Мороз безысходно вздохнул:

– Ты, главное, не волнуйся. К утру выберусь через окно и – исчезну.

– Опять по воздуху?

– На антресолях валялся шпагат.

– Допустим. И что же конкретно ты собираешься делать?

– Хочу встретиться с Андреем, – пробормотал он, понимая, что за этим последует.

– Да ты!.. – она поперхнулась возмущением. – Виташечка, родной! Окстись! Он думать о тебе давно забыл. Он же первым тебя и сдаст! – Не перегибай. Это ведь он пробил, чтоб меня отпустили по двум третям. Да и тебя в покое только благодаря ему оставили.

– Конечно. Когда убедились, что я понятия не имею, куда ты эти документы заныкал. Мороз, город накануне выборов. И никому, кроме меня, ты живым не нужен. Неужели не понимаешь, что на тебя наверняка объявлена охота? Послушай меня хоть раз в жизни: раз так уперся, давай немедленно извлечем этот треклятый компромат, завтра же отвезем его в Москву и передадим в какую-нибудь газету или на телевидение. И – кончится этот кошмар. ..Что опять лыбишься?

– Думаю о нас, – что дальше. Ведь ты, хоть довелось со мной хлебнуть, всё ещё девочка. Чтоб любить тебя, нужно иметь деньги.

– Да ты!..

– Нужно много денег. А я даже не знаю, смогу ли достойно зарабатывать.

– Зато я знаю. У меня два языка, свободно – компьютер. И ты хочешь сказать, что мы не выживем?
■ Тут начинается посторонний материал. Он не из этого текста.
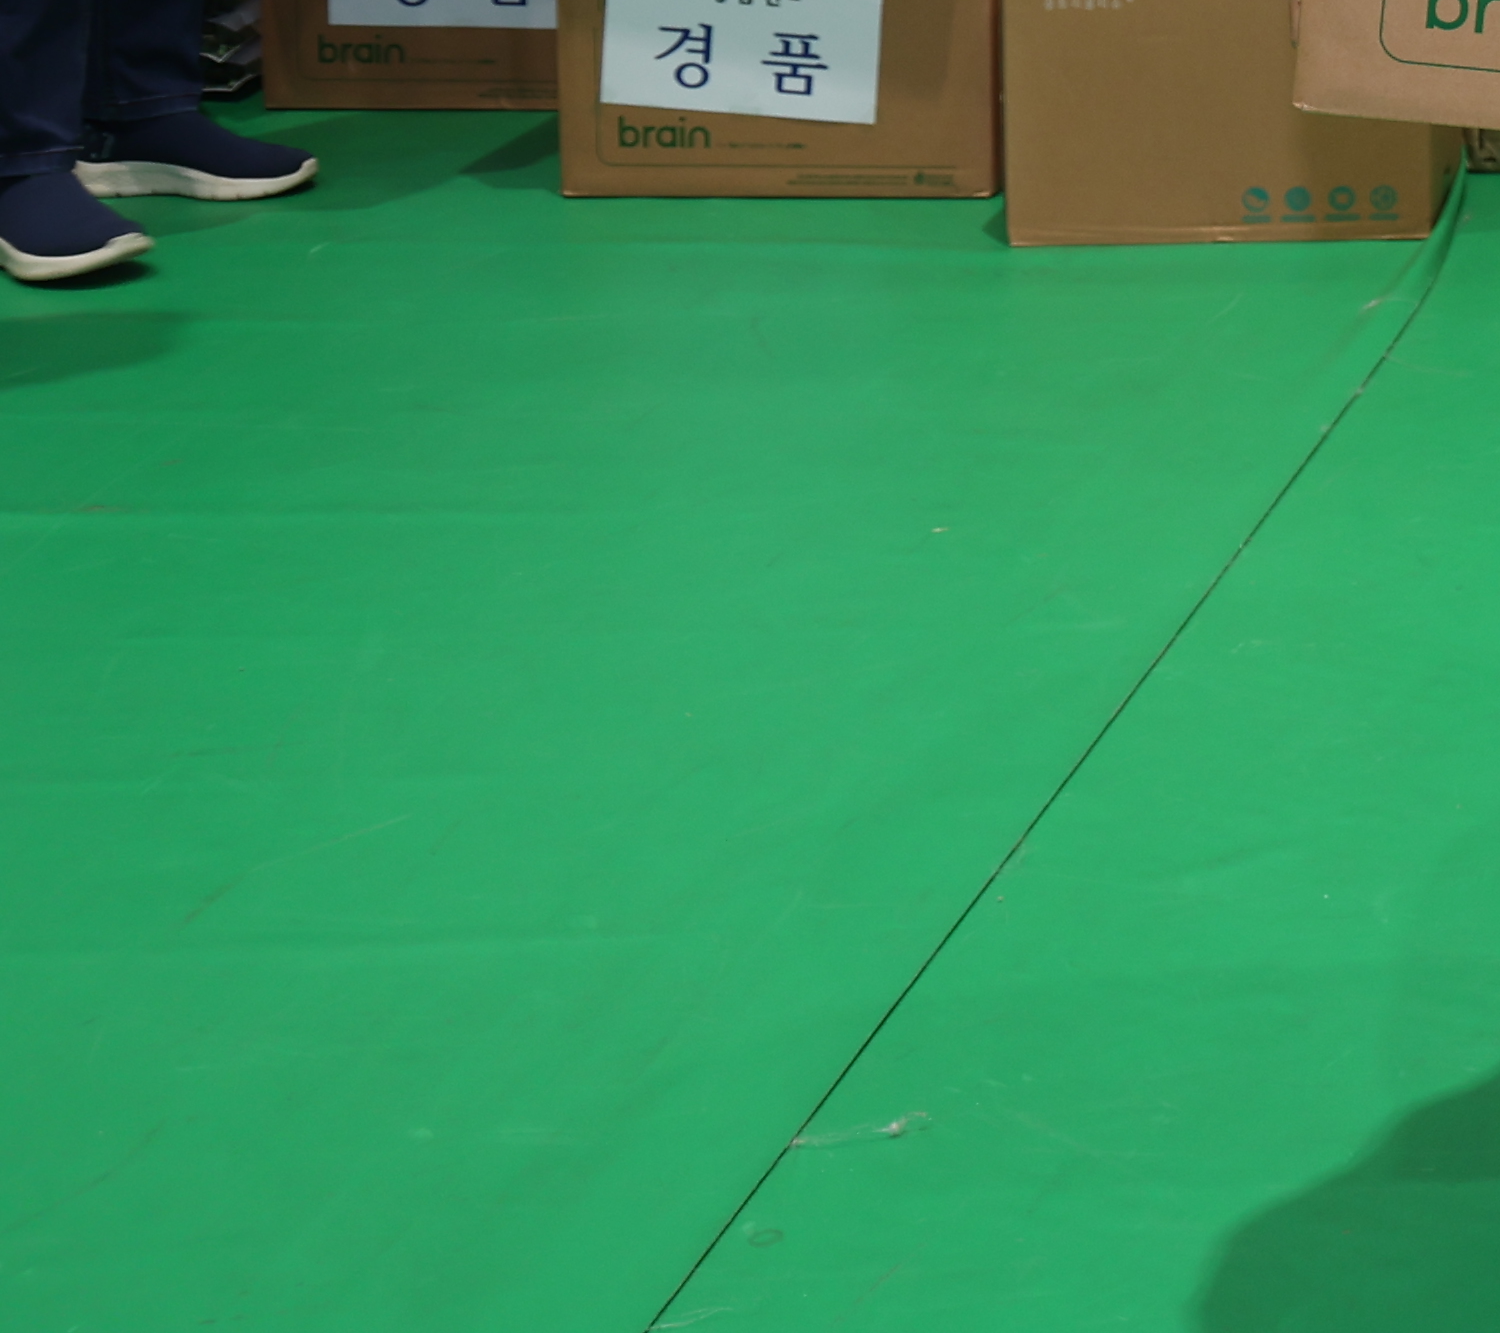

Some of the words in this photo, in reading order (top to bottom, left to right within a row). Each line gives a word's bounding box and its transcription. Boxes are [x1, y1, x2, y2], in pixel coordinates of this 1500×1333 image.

– Да я вообще не хочу, чтоб ты выживала!

– И распрекрасно. Чего комплексуешь? Трудней, чем те годы, что ждала, мне уже не будет. Понимаешь ли, отморозок?

– Марюся! – Виталик утопил ее лицо в ладонях. – Ты только знай. Я для тебя – всё готов. Вообще – всё! Понимаешь?

– Вот и отлично! – она захлопала в ладоши. – Тогда поехали в редакцию. Да?!

– Да!.. Но после встречи с Андреем. – Предупреждая новый гневный выплеск, осторожно положил палец на задрожавшие губки. – Я должен дать ему шанс!


Боясь пошевелиться, чтобы не разбудить задремавшую юную жену, Виталий лежал в темноте. И потихоньку блуждающая улыбка выветрилась с его лица, уступив место привычной настороженности. Из головы не выходил отчаянный вскрик истомившейся, уставшей бояться женщины: «Для чего все?!» И ответ, казавшийся все эти годы очевидным, почему-то ускользал.